Task requirements - Line count for "phrase": say how many lines of the data contain it, with no other text.

Data for this task -
-- Opening Marker --
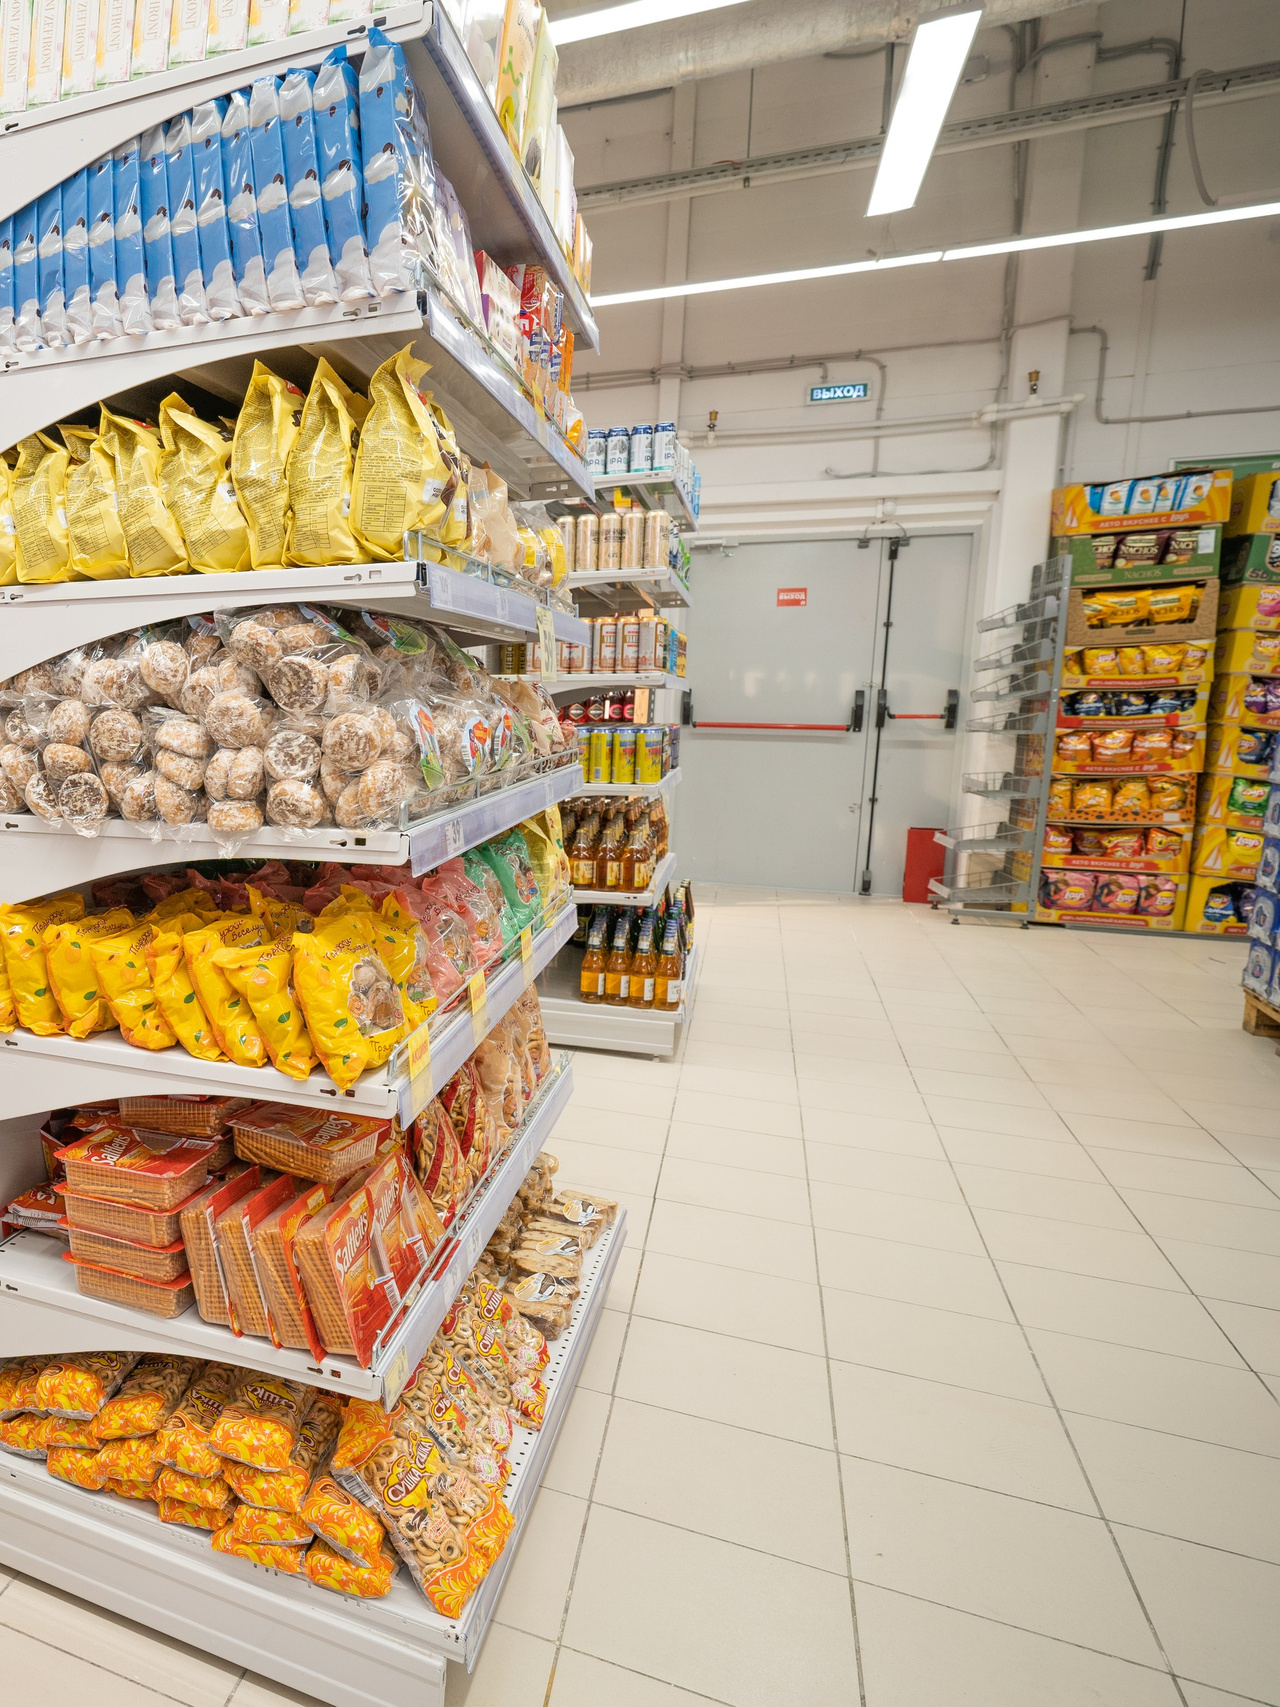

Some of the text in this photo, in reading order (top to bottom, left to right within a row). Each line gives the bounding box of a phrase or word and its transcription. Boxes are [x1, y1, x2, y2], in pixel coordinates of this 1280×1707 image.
-- Closing Marker --
-- Opening Marker --
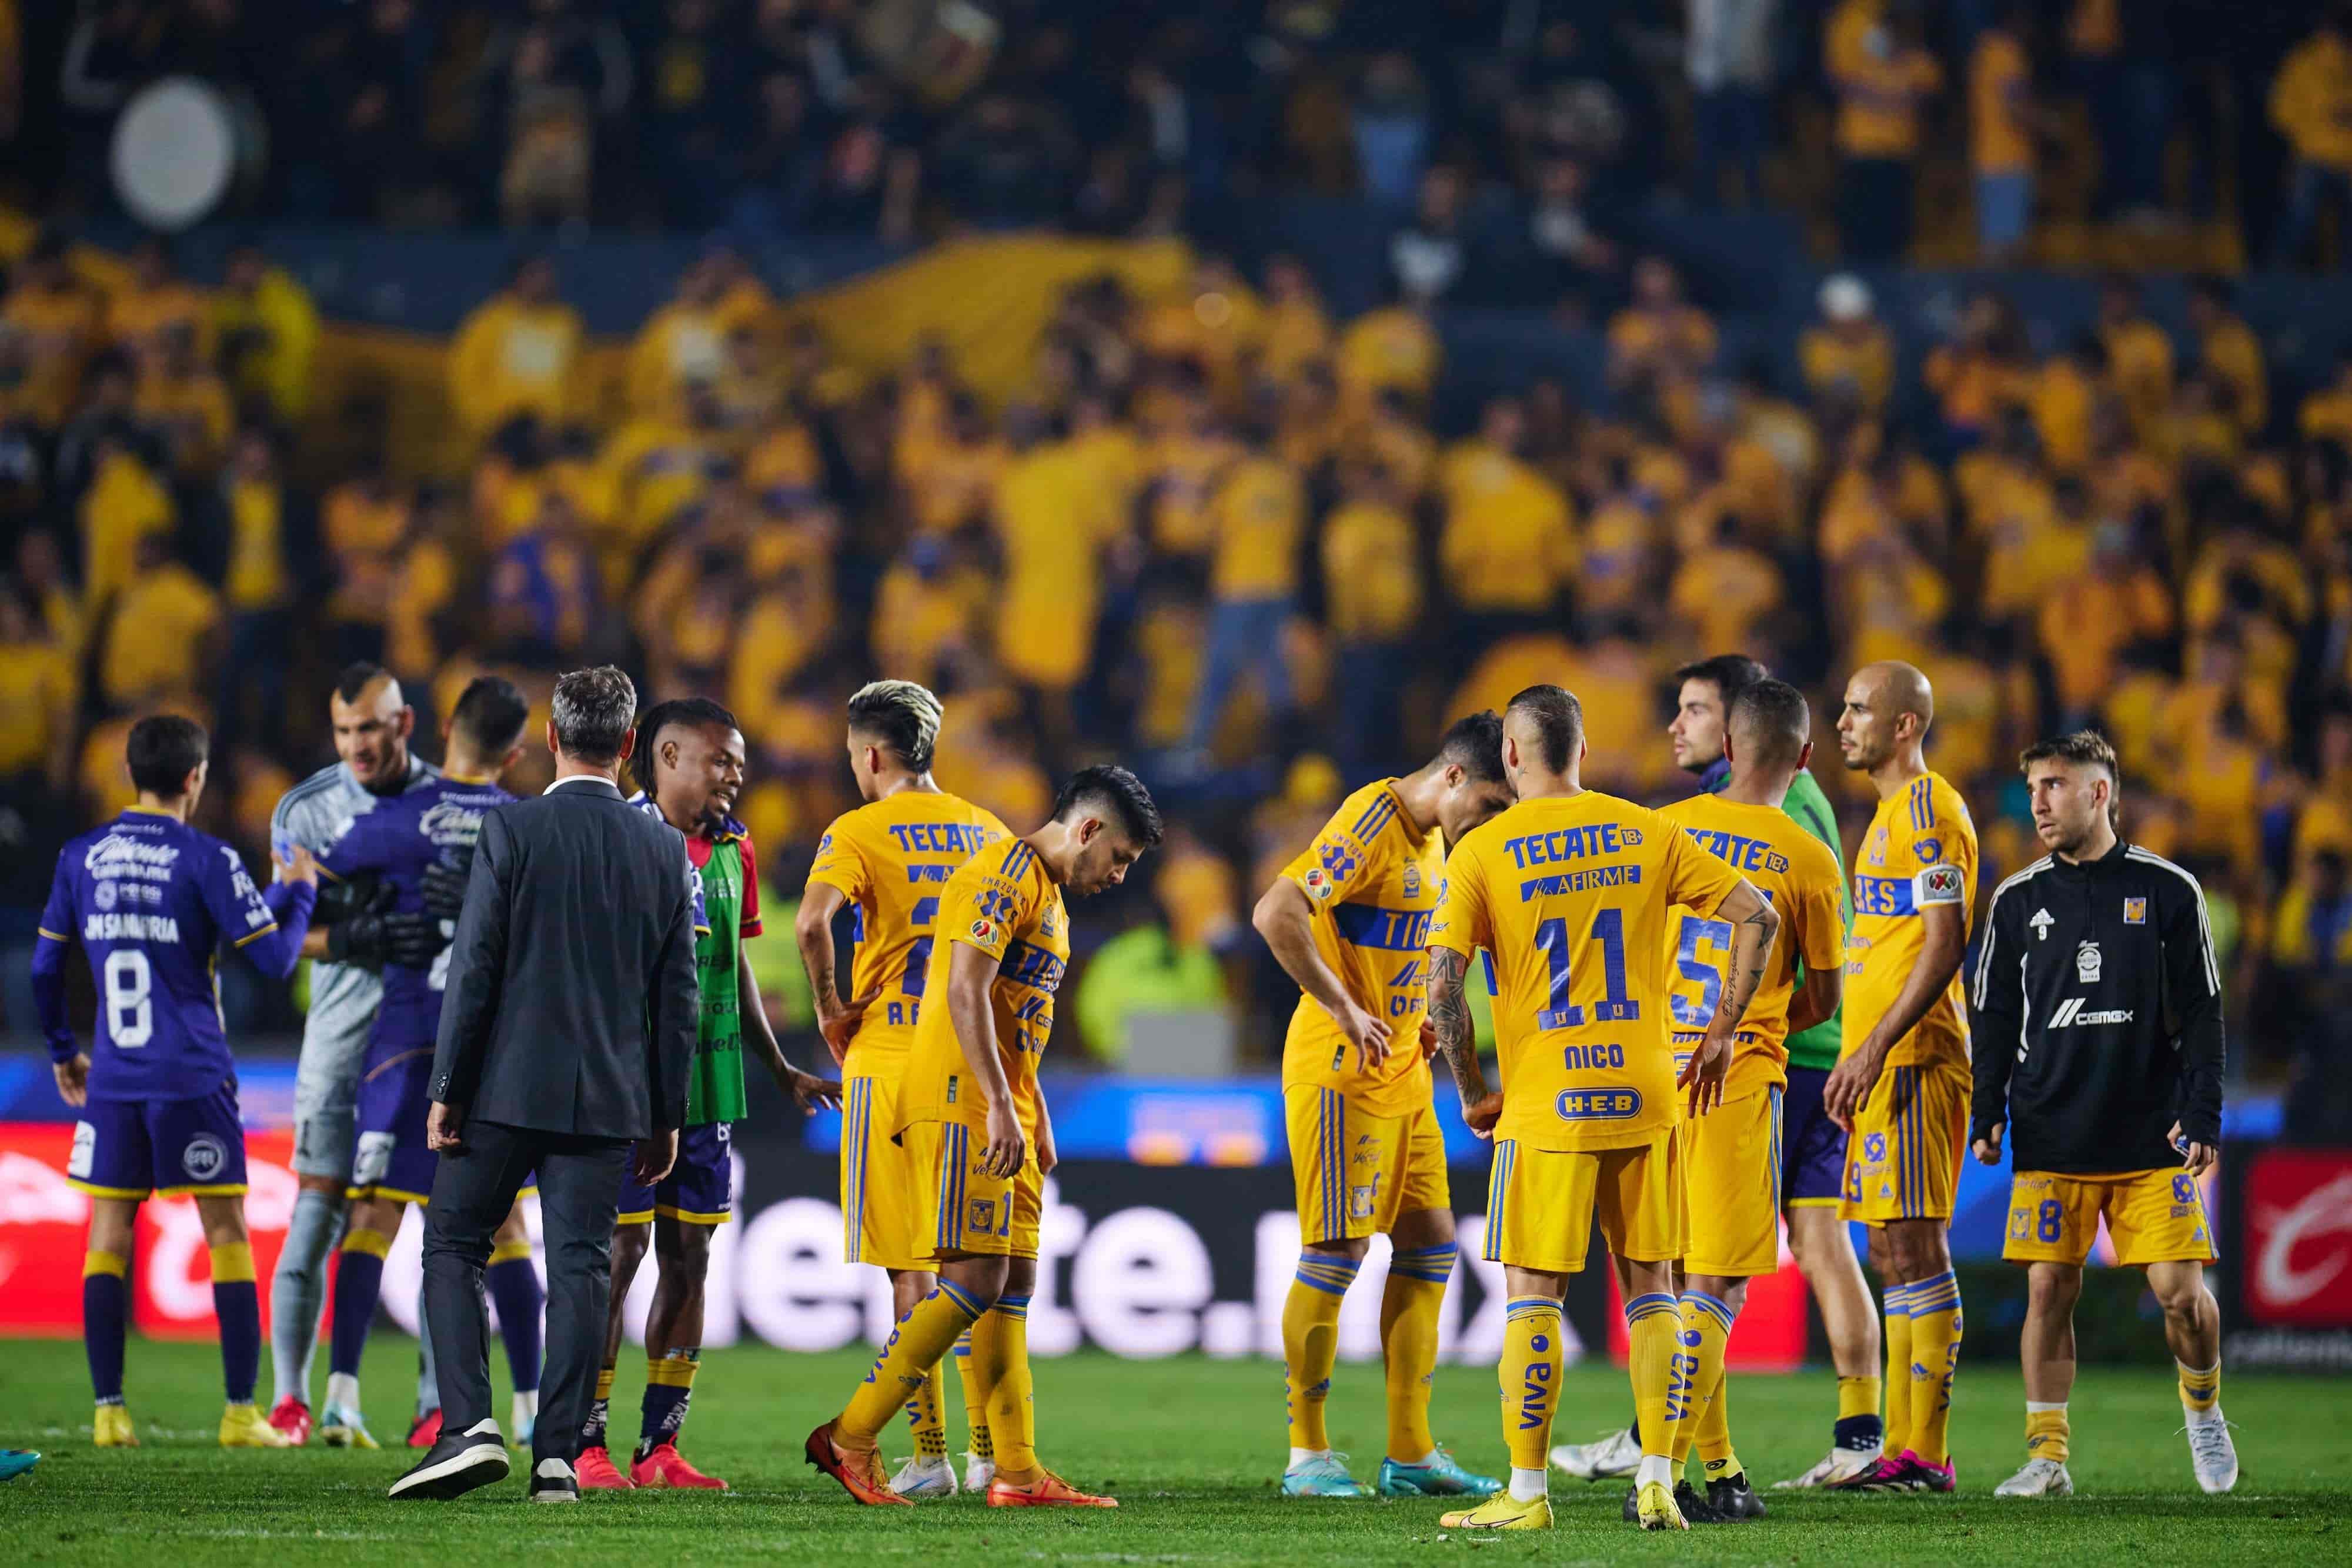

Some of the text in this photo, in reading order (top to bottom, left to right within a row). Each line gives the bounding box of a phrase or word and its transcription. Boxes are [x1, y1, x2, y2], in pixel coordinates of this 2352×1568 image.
-- Closing Marker --
-- Opening Marker --
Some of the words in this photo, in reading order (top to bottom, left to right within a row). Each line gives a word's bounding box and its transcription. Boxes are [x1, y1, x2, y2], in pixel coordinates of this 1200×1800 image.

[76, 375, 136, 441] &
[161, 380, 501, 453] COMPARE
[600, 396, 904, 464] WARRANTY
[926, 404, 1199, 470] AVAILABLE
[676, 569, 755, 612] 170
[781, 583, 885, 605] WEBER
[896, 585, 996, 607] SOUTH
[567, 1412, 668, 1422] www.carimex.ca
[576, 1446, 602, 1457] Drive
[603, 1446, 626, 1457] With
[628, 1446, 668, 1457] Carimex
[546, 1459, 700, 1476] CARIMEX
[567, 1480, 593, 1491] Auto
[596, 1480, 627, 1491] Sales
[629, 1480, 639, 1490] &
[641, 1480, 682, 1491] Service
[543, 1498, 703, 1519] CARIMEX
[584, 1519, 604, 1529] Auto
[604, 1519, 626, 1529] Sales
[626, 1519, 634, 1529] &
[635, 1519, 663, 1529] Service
-- Closing Marker --
Expected output - 2